Soviet military early warning satellite

Kosmos 1285 (Космос 1285 meaning Cosmos 1285) was a Soviet US-K missile early warning satellite which was launched in 1981 as part of the Soviet military's Oko programme. The satellite was designed to identify missile launches using optical telescopes and infrared sensors.

Kosmos 1285 was launched from Site 16/2 at Plesetsk Cosmodrome in the Russian SSR. A Molniya-M carrier rocket with a 2BL upper stage was used to perform the launch, which took place at 00:13 UTC on 4 August 1981. The launch successfully placed the satellite into a molniya orbit. It subsequently received its Kosmos designation, and the international designator 1981-071A. The United States Space Command assigned it the Satellite Catalog Number 12627.

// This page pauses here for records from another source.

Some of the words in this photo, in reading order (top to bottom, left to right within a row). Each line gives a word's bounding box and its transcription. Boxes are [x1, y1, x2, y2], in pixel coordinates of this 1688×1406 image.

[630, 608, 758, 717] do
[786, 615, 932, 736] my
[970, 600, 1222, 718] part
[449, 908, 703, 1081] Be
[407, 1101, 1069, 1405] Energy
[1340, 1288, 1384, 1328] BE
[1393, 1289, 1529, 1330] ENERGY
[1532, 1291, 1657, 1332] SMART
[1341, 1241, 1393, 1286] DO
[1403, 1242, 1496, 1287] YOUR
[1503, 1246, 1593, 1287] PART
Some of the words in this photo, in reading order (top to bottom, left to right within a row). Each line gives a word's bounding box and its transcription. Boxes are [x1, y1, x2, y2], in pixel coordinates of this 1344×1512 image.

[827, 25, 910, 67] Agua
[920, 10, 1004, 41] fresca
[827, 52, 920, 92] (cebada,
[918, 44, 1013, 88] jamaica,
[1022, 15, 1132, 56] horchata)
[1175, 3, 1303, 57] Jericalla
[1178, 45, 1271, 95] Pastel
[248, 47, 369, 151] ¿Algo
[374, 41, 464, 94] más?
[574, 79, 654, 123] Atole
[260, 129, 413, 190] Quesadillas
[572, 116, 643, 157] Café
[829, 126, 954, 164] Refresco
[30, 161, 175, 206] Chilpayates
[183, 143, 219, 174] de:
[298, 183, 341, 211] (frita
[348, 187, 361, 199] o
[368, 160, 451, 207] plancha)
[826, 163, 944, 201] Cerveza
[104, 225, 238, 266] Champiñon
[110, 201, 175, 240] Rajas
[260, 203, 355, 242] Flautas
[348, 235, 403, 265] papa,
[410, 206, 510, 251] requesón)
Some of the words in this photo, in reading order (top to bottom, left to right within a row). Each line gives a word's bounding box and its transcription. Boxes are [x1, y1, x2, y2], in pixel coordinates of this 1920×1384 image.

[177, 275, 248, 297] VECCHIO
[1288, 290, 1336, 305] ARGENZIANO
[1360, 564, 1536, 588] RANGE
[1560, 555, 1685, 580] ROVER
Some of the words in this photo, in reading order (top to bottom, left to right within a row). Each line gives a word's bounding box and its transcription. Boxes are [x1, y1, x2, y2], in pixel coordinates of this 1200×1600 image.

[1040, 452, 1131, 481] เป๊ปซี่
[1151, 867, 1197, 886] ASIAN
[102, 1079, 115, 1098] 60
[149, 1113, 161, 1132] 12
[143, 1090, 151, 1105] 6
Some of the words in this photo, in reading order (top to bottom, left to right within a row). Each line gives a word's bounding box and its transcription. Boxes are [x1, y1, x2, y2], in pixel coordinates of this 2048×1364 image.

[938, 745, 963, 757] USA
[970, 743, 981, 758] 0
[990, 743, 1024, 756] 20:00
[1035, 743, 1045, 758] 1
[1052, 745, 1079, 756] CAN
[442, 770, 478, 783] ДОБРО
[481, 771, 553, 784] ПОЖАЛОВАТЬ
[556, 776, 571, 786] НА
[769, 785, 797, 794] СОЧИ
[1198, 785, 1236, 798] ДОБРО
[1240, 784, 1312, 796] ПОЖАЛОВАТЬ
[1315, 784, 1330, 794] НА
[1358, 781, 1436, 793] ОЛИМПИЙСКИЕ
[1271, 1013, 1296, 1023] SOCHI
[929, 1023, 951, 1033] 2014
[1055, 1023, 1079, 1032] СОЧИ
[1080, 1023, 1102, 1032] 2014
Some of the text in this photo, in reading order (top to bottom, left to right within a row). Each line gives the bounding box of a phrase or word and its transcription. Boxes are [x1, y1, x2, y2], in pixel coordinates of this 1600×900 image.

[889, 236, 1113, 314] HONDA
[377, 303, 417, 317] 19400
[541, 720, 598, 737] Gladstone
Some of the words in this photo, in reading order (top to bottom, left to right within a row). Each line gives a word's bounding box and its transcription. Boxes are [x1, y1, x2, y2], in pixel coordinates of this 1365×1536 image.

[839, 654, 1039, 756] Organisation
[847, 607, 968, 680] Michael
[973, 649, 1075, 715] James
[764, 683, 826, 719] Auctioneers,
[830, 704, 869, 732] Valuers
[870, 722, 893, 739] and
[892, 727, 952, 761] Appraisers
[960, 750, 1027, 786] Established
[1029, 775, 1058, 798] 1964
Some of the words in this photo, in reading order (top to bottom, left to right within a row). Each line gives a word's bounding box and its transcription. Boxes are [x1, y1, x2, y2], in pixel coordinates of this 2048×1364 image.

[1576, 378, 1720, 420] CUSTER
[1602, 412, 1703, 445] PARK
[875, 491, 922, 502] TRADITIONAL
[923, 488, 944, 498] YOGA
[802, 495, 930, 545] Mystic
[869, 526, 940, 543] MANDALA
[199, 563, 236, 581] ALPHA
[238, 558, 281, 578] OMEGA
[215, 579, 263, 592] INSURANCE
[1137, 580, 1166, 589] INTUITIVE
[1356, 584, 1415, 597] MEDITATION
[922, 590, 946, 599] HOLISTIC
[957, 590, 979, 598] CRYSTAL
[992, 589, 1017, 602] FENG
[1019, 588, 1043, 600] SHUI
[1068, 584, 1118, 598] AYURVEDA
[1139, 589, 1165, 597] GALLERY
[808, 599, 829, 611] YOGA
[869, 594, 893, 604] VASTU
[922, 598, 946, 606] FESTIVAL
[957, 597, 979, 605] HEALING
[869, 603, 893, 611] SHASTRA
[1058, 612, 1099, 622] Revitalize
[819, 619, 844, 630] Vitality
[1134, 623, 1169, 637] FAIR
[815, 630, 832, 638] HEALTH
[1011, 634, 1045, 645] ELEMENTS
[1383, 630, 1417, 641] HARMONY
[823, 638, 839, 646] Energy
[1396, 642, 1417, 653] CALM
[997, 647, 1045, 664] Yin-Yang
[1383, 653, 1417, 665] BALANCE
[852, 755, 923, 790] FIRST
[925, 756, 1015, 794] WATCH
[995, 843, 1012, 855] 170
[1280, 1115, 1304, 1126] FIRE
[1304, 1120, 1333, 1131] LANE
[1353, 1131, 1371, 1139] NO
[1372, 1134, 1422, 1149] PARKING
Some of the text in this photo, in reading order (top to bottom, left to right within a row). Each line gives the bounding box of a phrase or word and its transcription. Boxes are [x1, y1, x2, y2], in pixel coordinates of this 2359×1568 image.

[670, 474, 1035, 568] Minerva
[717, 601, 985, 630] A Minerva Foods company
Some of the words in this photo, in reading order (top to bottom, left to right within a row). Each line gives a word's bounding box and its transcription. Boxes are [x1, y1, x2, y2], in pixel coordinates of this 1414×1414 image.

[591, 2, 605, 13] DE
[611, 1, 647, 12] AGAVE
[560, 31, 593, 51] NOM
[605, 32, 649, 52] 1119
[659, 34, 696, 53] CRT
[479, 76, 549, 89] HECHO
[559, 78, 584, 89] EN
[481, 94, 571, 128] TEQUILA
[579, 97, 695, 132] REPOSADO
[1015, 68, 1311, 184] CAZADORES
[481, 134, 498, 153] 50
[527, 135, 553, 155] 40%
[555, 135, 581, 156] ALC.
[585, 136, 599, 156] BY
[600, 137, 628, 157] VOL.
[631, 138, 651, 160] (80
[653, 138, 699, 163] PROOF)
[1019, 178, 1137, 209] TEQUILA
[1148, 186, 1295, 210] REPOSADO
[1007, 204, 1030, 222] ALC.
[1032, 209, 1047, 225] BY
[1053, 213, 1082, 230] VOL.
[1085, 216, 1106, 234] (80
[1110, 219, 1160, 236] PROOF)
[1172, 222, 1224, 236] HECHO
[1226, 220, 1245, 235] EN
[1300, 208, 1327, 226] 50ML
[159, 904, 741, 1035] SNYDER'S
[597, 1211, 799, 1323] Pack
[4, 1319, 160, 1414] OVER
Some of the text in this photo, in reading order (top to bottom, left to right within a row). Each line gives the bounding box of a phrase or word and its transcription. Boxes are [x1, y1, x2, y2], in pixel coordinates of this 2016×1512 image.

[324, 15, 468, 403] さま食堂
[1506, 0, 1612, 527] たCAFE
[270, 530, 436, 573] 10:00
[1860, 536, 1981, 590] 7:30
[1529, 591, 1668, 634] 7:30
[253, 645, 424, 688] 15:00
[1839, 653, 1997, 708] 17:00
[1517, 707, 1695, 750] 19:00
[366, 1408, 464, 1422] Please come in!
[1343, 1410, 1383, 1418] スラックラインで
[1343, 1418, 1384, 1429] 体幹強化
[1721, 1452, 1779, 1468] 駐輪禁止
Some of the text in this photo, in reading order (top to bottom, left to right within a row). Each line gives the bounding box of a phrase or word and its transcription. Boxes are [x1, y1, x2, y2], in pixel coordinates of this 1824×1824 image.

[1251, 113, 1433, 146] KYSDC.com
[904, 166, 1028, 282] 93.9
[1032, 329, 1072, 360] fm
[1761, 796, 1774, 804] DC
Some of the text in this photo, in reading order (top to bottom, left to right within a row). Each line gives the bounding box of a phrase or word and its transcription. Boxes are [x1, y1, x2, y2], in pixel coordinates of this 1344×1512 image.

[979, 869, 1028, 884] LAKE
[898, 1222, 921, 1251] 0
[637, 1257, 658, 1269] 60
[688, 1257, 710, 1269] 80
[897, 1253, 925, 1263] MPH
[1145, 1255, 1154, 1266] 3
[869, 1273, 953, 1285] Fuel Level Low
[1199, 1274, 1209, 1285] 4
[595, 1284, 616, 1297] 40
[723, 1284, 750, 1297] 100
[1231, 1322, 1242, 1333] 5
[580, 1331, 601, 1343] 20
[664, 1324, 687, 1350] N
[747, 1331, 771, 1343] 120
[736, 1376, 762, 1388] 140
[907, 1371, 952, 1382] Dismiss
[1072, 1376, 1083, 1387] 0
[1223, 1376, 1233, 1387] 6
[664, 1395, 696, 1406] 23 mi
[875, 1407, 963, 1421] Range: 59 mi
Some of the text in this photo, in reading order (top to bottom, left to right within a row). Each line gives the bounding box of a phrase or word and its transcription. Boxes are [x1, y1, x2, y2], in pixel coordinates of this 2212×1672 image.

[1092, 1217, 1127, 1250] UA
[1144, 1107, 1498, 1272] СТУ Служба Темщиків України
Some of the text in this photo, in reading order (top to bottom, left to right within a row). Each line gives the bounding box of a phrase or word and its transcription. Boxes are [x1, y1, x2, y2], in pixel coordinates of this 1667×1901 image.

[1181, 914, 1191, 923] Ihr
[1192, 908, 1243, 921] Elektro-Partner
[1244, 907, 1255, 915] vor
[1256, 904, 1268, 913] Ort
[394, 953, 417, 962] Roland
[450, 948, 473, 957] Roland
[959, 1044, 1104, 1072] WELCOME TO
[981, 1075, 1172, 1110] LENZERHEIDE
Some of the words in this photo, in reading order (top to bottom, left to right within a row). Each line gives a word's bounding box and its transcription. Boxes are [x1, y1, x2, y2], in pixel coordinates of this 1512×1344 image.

Kosmos 1285 was a US-K satellite like Kosmos 862 that self-destructed in orbit, NASA believes deliberately. 1285 was placed in a temporary
transfer orbit on the day of launch by its launch vehicle but never maneuvered to an operational orbit. This suggests an early fatal
spacecraft malfunction. All of its trackable debris is still in orbit.

==See also==

- 1981 in spaceflight
- List of Kosmos satellites (1251–1500)
- List of Oko satellites
- List of R-7 launches (1980-1984)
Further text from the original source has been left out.